Provided material.
________________________________________

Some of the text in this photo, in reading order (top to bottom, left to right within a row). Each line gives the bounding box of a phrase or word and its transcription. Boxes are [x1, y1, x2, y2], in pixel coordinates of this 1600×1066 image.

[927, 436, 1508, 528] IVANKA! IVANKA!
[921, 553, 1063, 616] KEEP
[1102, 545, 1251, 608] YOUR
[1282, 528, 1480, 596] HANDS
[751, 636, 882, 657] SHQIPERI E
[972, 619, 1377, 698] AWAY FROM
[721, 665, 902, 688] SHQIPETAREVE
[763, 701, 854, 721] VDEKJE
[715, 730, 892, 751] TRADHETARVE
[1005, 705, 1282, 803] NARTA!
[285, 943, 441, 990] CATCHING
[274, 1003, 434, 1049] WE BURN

________________________________________

Retype every record exactly, omitting nothing.

Answer space.
Some of the text in this photo, in reading order (top to bottom, left to right within a row). Each line gives the bounding box of a phrase or word and its transcription. Boxes are [x1, y1, x2, y2], in pixel coordinates of this 1600×1066 image.

[927, 436, 1508, 528] IVANKA! IVANKA!
[921, 553, 1063, 616] KEEP
[1102, 545, 1251, 608] YOUR
[1282, 528, 1480, 596] HANDS
[751, 636, 882, 657] SHQIPERI E
[972, 619, 1377, 698] AWAY FROM
[721, 665, 902, 688] SHQIPETAREVE
[763, 701, 854, 721] VDEKJE
[715, 730, 892, 751] TRADHETARVE
[1005, 705, 1282, 803] NARTA!
[285, 943, 441, 990] CATCHING
[274, 1003, 434, 1049] WE BURN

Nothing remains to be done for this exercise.